General characteristics (as built)
- Class & type: C-class light cruiser
- Displacement: 4,320 long tons (4,390 t)
- Length: 446 ft (135.9 m) (o/a)
- Beam: 41 ft 6 in (12.6 m)
- Draught: 14 ft 10 in (4.5 m)
- Installed power: 6 × Yarrow boilers; 40,000 shp (30,000 kW);
- Propulsion: 2 × shafts; 2 × steam turbines
- Speed: 28.5 knots (52.8 km/h; 32.8 mph)
- Complement: 368
- Armament: 3 × single 6 in (152 mm) guns; 6 × single 4 in (102 mm) guns; 1 × single 4 in (102 mm) AA gun; 2 × 21 in (533 mm) torpedo tubes;
- Armour: Waterline belt: 1.5–3 in (38–76 mm); Deck: 1 in (25 mm); Conning tower: 6 in;

= HMS Cambrian (1916) =

British C-class light cruiser

HMS Cambrian was a C-class light cruiser built for the Royal Navy during World War I. She was the name ship of her sub-class of four ships. Assigned to the Grand Fleet upon completion in 1916, the ship played only a small role during the war. Cambrian was assigned to the Atlantic and Mediterranean Fleets during the 1920s and was sent to support British interests in Turkey during the Chanak Crisis of 1922–1923. The ship was placed in reserve in late 1929. She was sold for scrap in 1934.

==Design and description==
The C-class cruisers were intended to escort the fleet and defend it against enemy destroyers attempting to close within torpedo range. Ordered as part of the 1914–15 Naval Programme, the Cambrian sub-class were a slightly larger and improved version of the preceding Calliope sub-class; Cambrian, the last ship of her sub-class to be completed, differed from her sister ships as she had a more powerful armament. The ships were 446 ft long overall, with a beam of 41 ft 6 in and a mean draught of 14 ft 10 in. Displacement was 4320 LT at normal and 4799 LT at deep load. Cambrian was powered by four direct-drive Parsons steam turbines, each driving one propeller shaft, which produced a total of 40000 ihp. The turbines used steam generated by six Yarrow boilers which gave her a speed of 28.5 kn. She carried 841 LT tons of fuel oil. The ship had a crew of 368 officers and ratings.

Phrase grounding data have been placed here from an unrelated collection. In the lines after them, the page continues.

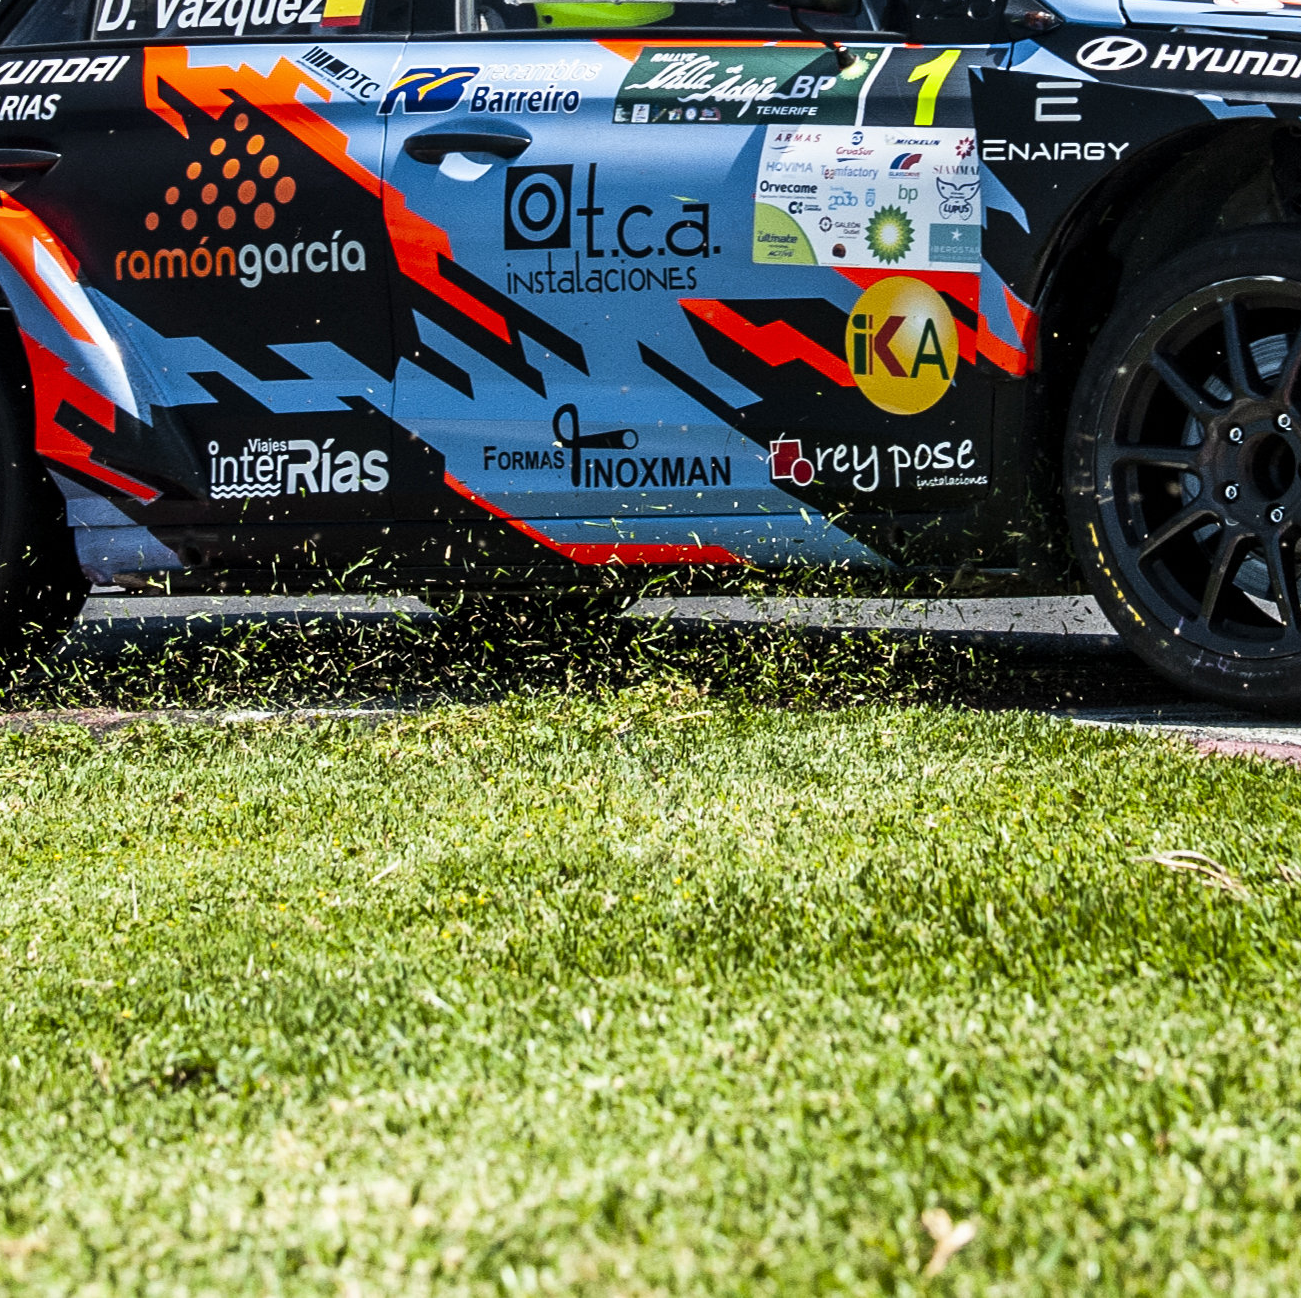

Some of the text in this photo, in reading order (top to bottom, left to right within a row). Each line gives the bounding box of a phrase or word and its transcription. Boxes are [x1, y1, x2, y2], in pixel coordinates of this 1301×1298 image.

[650, 52, 698, 63] RALLYE
[479, 58, 602, 83] recambios
[337, 68, 380, 99] PTC
[790, 75, 837, 99] BP
[908, 49, 962, 125] 1
[469, 84, 581, 114] Barreiro
[756, 105, 818, 116] TENERIFE
[774, 133, 822, 143] ARMAS
[893, 138, 941, 146] MICHELIN
[982, 139, 1130, 161] ENAIRGY
[765, 161, 814, 173] HOVIMA
[821, 165, 880, 180] Teamfactory
[759, 180, 818, 193] Orvecame
[898, 184, 919, 204] bp
[943, 204, 970, 213] LUPUS
[248, 438, 288, 455] Viajes
[916, 473, 988, 488] instalaciones

Cambrians main armament consisted of three BL 6-inch (152 mm) Mk XII guns that were mounted on the centreline. One gun was forward of the bridge and the last two were in the stern, with one gun superfiring over the rearmost gun. Her secondary armament consisted of six QF 4 in Mk IV guns, three on each side, one pair abaft the bridge on the forecastle deck and the other two pairs one deck lower amidships. For anti-aircraft defence, she was fitted with one QF 4 in Mk V gun. The ship also mounted two submerged 21 in torpedo tubes, one on each broadside. The Cambrians were protected by a waterline belt amidships that ranged in thickness from 1.5–3 in with a 1 in deck. The walls of their conning tower were 6 inches thick.

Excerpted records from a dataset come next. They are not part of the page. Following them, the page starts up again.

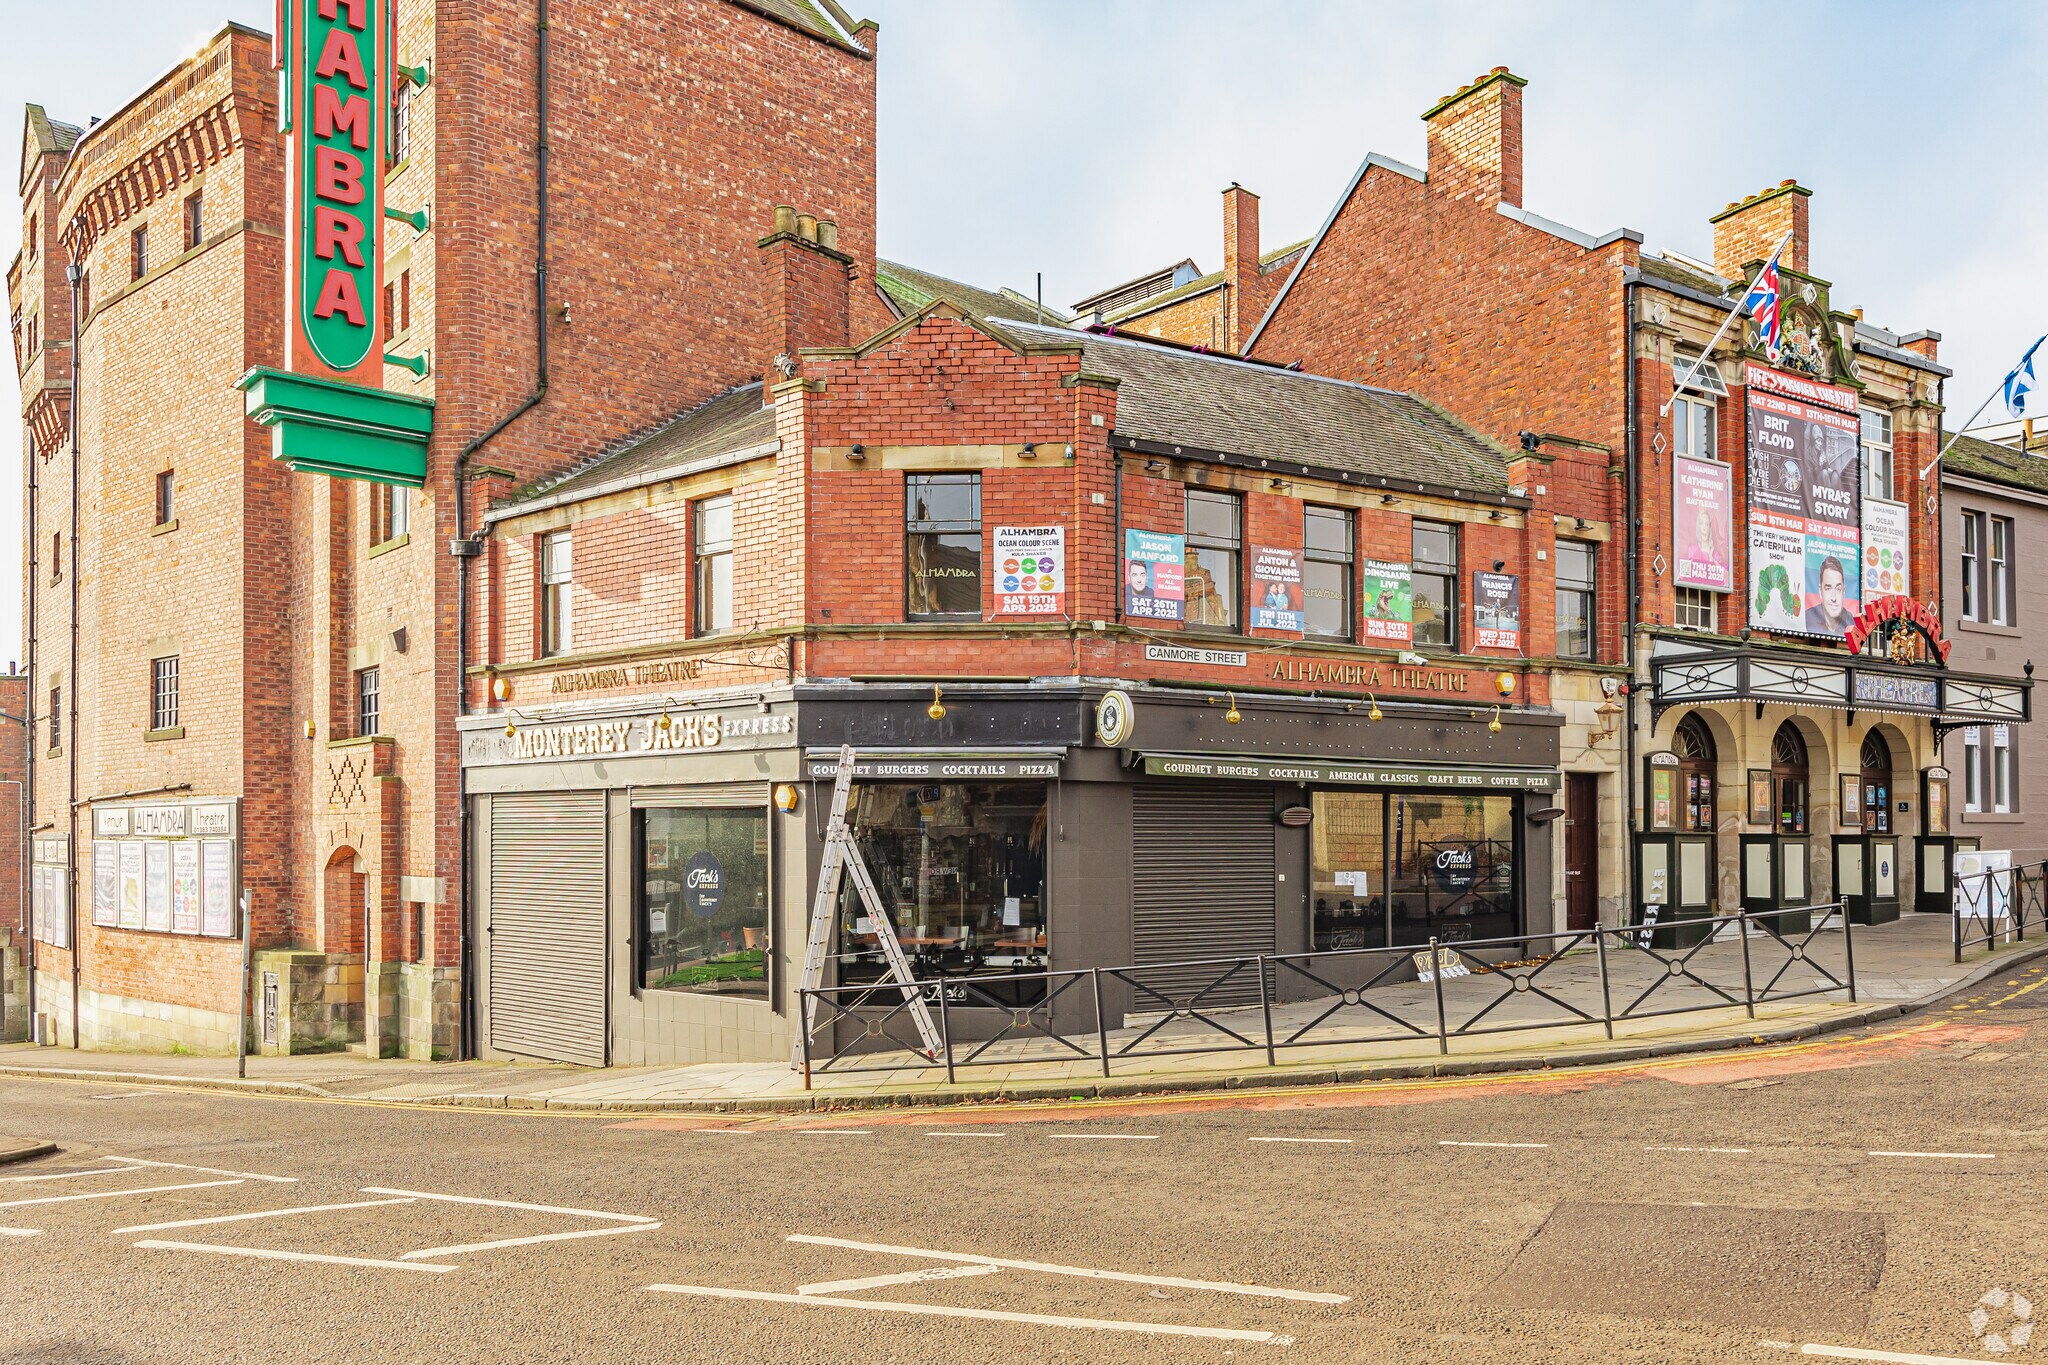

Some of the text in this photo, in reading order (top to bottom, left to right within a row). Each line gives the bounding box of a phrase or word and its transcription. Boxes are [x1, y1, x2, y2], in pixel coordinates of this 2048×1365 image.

[1747, 366, 1777, 389] FIFE'S
[1816, 385, 1855, 409] THEATRE
[1751, 395, 1802, 415] SAT 22ND FEB
[1764, 415, 1789, 432] BRIT
[1805, 409, 1857, 430] 13TH-15TH MAR
[1758, 430, 1794, 450] FLOYD
[1751, 449, 1769, 462] WISH
[1687, 464, 1718, 477] ALHAMBRA
[1751, 459, 1769, 469] YOU
[1751, 468, 1769, 480] WERE
[1681, 474, 1724, 491] KATHERINE
[1751, 477, 1769, 489] HERE
[1692, 487, 1714, 500] RYAN
[1812, 484, 1851, 505] MYRA'S
[1686, 497, 1719, 510] BATTLEAXE
[1814, 501, 1850, 520] STORY
[1750, 511, 1803, 530] SUN 16TH MAR
[1875, 517, 1895, 526] OCEAN
[1000, 528, 1057, 536] ALHAMBRA
[1138, 532, 1173, 542] ALHAMBRA
[1753, 529, 1801, 544] THE VERY HUNGRY
[1808, 523, 1857, 540] SAT 26TH APR
[1865, 523, 1888, 534] COLOUR
[1888, 528, 1905, 538] SCENE
[1018, 539, 1041, 547] COLOUR
[1140, 541, 1171, 552] JASON
[1753, 539, 1802, 555] CATERPILLAR
[1131, 550, 1179, 563] MANFORD
[1261, 547, 1293, 556] ALHAMBRA
[1769, 552, 1785, 561] SHOW
[1258, 555, 1297, 567] ANTON &
[1367, 560, 1409, 572] ALHAMBRA
[1692, 562, 1725, 573] THU 20TH
[915, 567, 977, 577] ALHAMBRA
[1255, 565, 1300, 577] GIOVANNI:
[1364, 568, 1411, 581] DINOSAURS
[1482, 573, 1510, 581] ALHAMBRA
[1692, 569, 1724, 581] MAR 2025
[1254, 573, 1300, 583] TOGETHER AGAIN
[1380, 580, 1399, 589] LIVE
[1157, 584, 1182, 592] SEASONS
[1482, 580, 1513, 591] FRANCIS
[1003, 595, 1056, 604] SAT 19TH
[1487, 589, 1508, 599] ROSSI
[1002, 604, 1057, 612] APR 2025
[1132, 597, 1178, 609] SAT 26TH
[1412, 600, 1450, 611] LHAMBRA
[1132, 606, 1178, 618] APR 2025
[1259, 610, 1296, 621] FRI 11TH
[1258, 617, 1298, 629] JUL 2025
[1367, 619, 1408, 632] SUN 30TH
[1844, 594, 1952, 665] ALHAMBRA
[1367, 627, 1408, 639] MAR 2025
[1479, 630, 1517, 641] WED 15TH
[1479, 637, 1515, 648] OCT 2025
[1149, 647, 1243, 664] CANMORE STREET
[551, 659, 702, 694] ALHAMBRA THEATRE
[1272, 660, 1468, 692] ALHAMBRA THEATRE
[514, 721, 632, 759] MONTEREY
[639, 714, 722, 750] JACK'S
[723, 715, 792, 736] EXPRESS
[813, 764, 1054, 775] GOUET BURGERS COCKTAILS PIZZA
[1164, 763, 1549, 786] GOURMET BURGERS COCKTAILS AMERICAN CLASSICS CRAFT BEERS COFFEE PIZZA
[104, 812, 124, 828] Venue
[136, 810, 185, 833] ALHAMBRA
[195, 807, 225, 826] Theatre
[1436, 850, 1472, 869] Jack's
[687, 869, 719, 888] Jack's
[1330, 933, 1362, 951] Jack's
[1417, 964, 1471, 983] EXRESS
[923, 984, 966, 1002] Jck's

===Wartime modifications===
During 1917–18, her pole foremast was replaced by a tripod mast that was fitted with a gunnery director. In January 1919, Cambrian had her 4-inch guns removed and an additional 6-inch gun added abaft the funnels. At the same time, her AA gun was replaced by a pair of QF 3 in 20-cwt anti-aircraft guns. Sometime between 1919 and 1924 the ship received a pair of 2-pounder (40 mm) Mk II "pom-pom" guns on single mounts.

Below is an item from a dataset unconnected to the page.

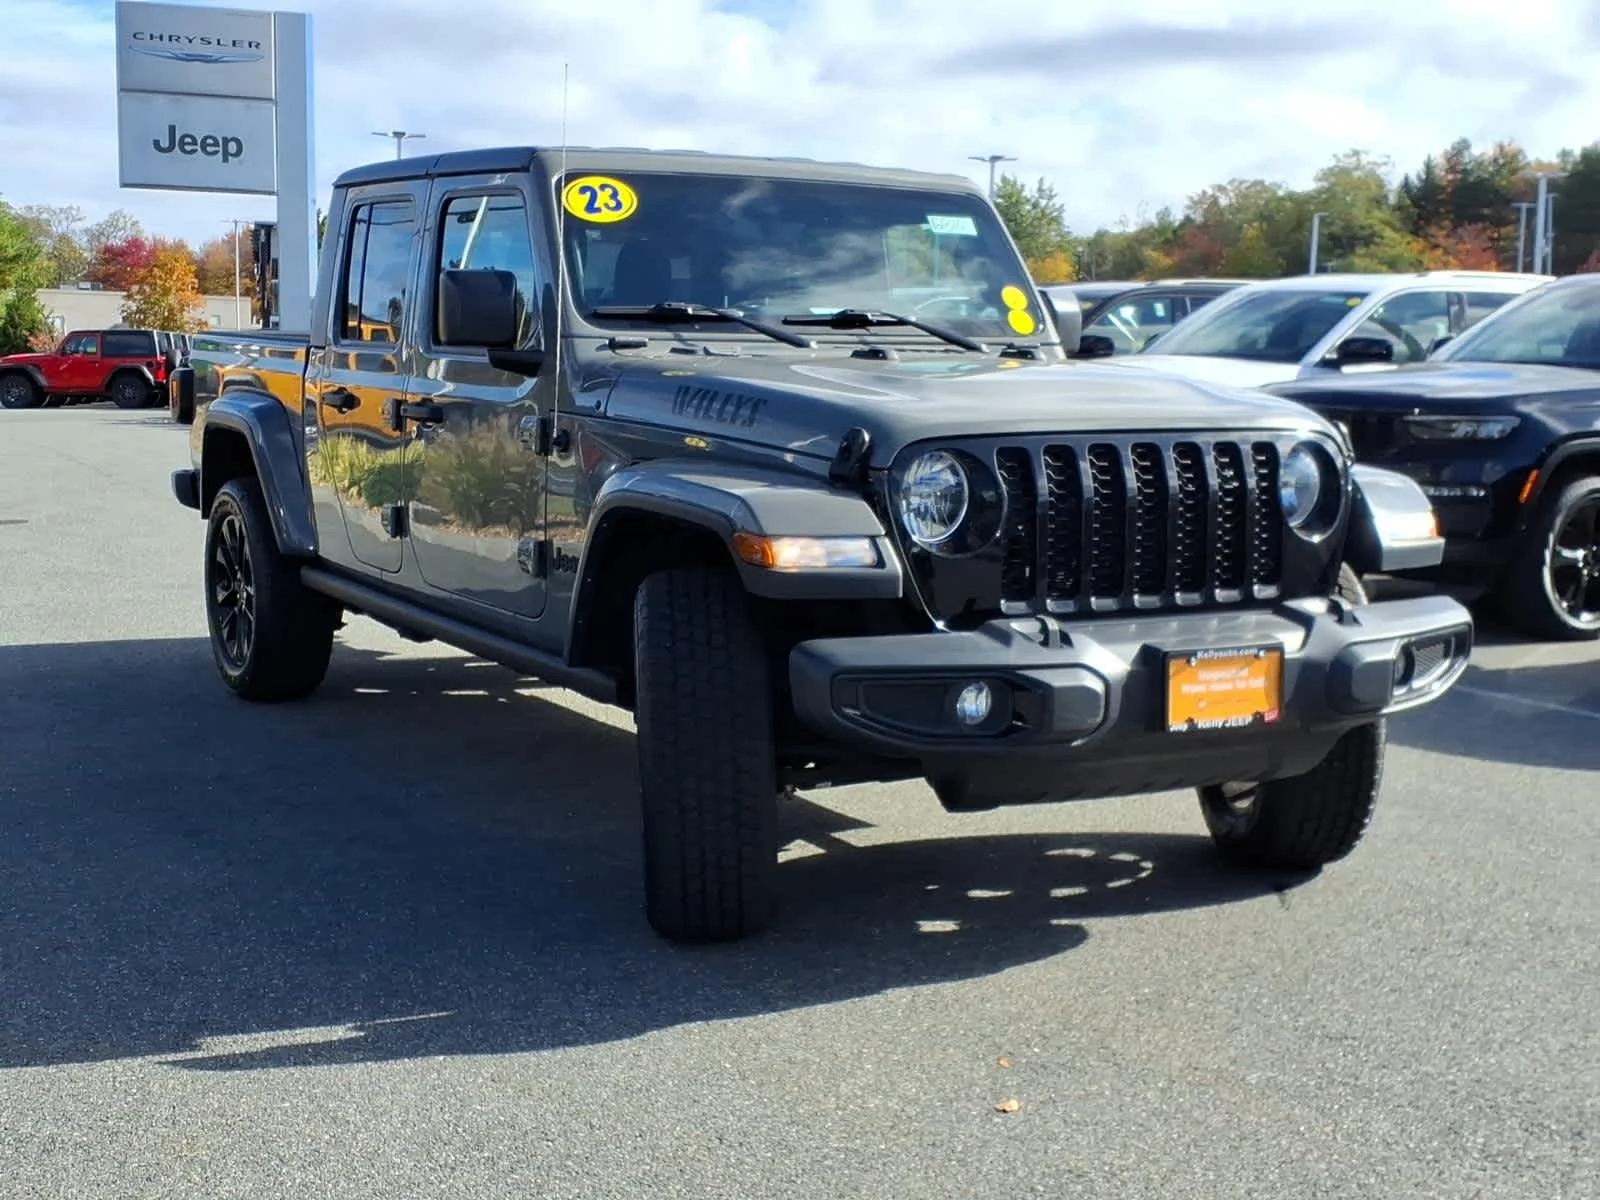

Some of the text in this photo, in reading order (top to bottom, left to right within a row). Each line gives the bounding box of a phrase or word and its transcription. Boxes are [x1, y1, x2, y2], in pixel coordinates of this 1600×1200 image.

[132, 31, 262, 49] CHRYSLER
[152, 124, 244, 163] Jeep
[578, 183, 623, 214] 23
[672, 385, 768, 427] WILLYS

==Construction and career==
Cambrian, the fourth ship of her name in the Royal Navy, was laid down by Pembroke Dockyard in Pembroke Dock, Wales, on 8 December 1914, launched on 3 March 1916, and completed in May 1916. She was commissioned into service that same month and was assigned to the 4th Light Cruiser Squadron of the Grand Fleet in which she served through the end of World War I and until 1919. The squadron was generally tasked with screening the battleships of the Grand Fleet during the war. The ship did not participate in the inconclusive Action of 19 August 1916 with the rest of her squadron. The squadron was briefly detached from the Grand Fleet in March 1917 to fruitlessly patrol off the Norwegian coast when news of a blockade runner was received by the Admiralty.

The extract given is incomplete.